Comment #1 by b2.temp — 2015-12-05T19:26:39Z
(In reply to Chris Wright from comment #0)
> opIndex(string) says:
>
> "Throws JSONException if type is not JSON_TYPE.OBJECT."
>
> This implies the correct way to create a JSONValue of type OBJECT, assuming
> you don't want to use an AA literal, is:
>
> [...]
>
> However! The documentation is actually wrong! I can just write:
>
> ---
> JSONValue j;
> j["key"] = "value";
> ---
>
> That works! The documentation told me it would throw an exception, so there
> was no reason for me to try it. It was guaranteed to me that it would fail.
> But instead it succeeded.
Your report is invalid.
You say that 'opIndex(string)' ddoc specifies that it throws. But what you call is not opIndex(), it's opIndexAssign()!!!
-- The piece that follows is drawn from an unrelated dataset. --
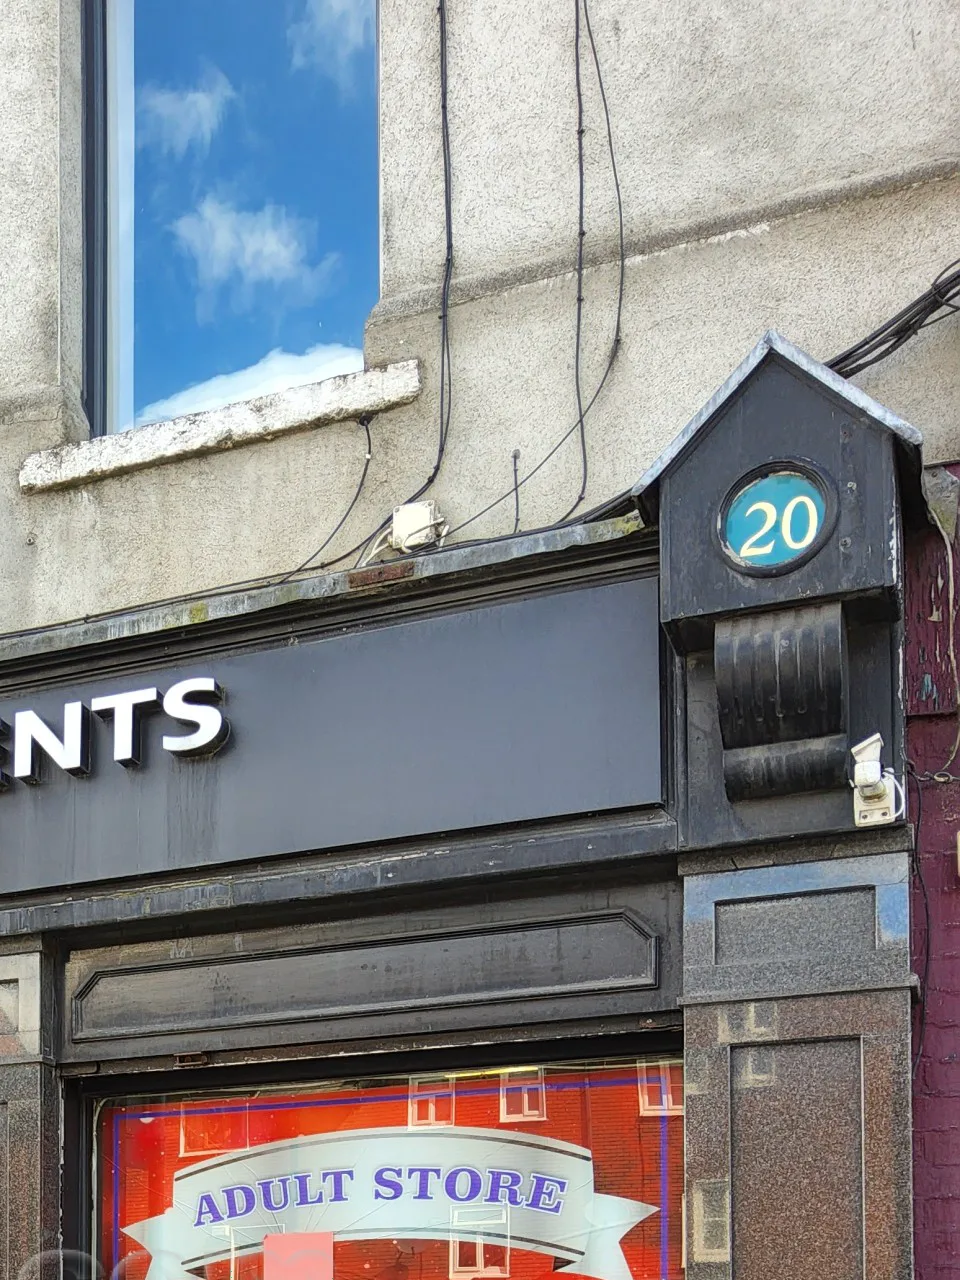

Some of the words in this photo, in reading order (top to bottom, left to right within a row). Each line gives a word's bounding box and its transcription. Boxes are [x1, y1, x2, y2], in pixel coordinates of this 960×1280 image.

[739, 495, 819, 558] 20
[192, 1168, 354, 1228] ADULT
[373, 1166, 570, 1215] STORE
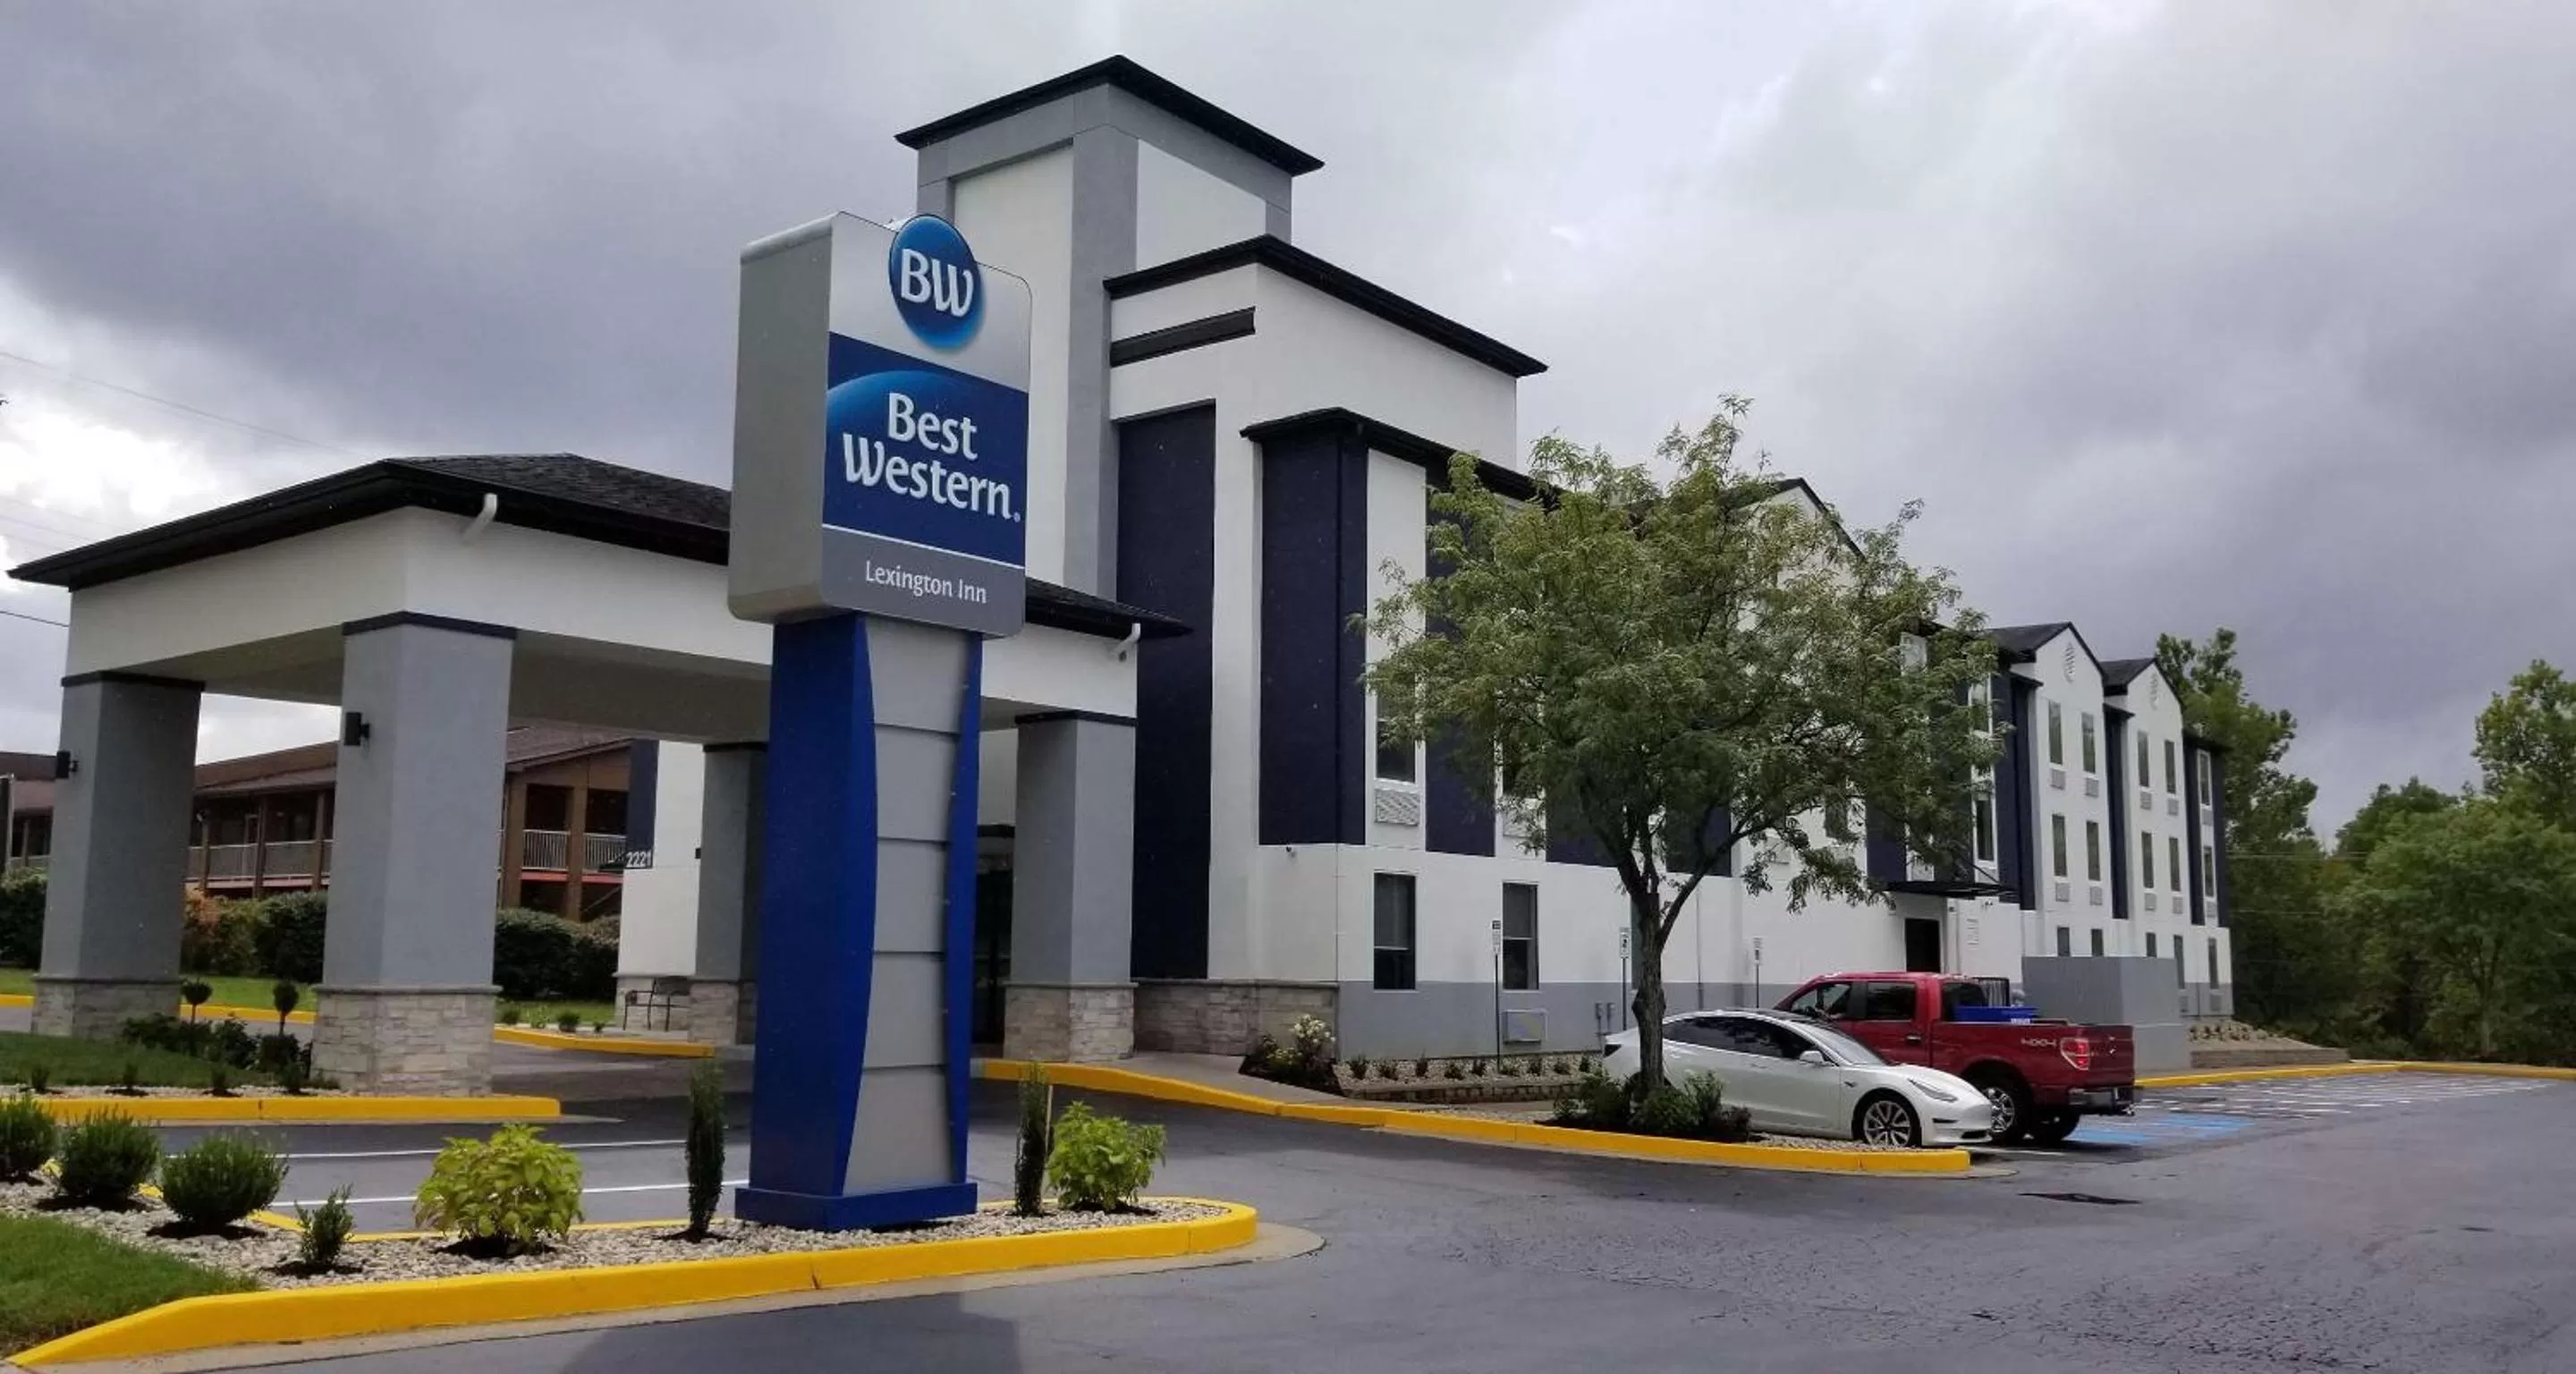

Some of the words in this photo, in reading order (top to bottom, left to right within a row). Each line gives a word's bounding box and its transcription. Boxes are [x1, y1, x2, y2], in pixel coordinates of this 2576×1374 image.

And 'opIndexAssign' ddoc says:
/// Operator sets value for element of JSON object by key.
/// If JSON value is null, then operator initializes it with object and then
/// sets value for it.
/// Throws JSONException if type is not JSON_TYPE.OBJECT or JSON_TYPE.NULL
Your 'j' is initially null, then the call to opIndexASsign initializes j as a JSONObject.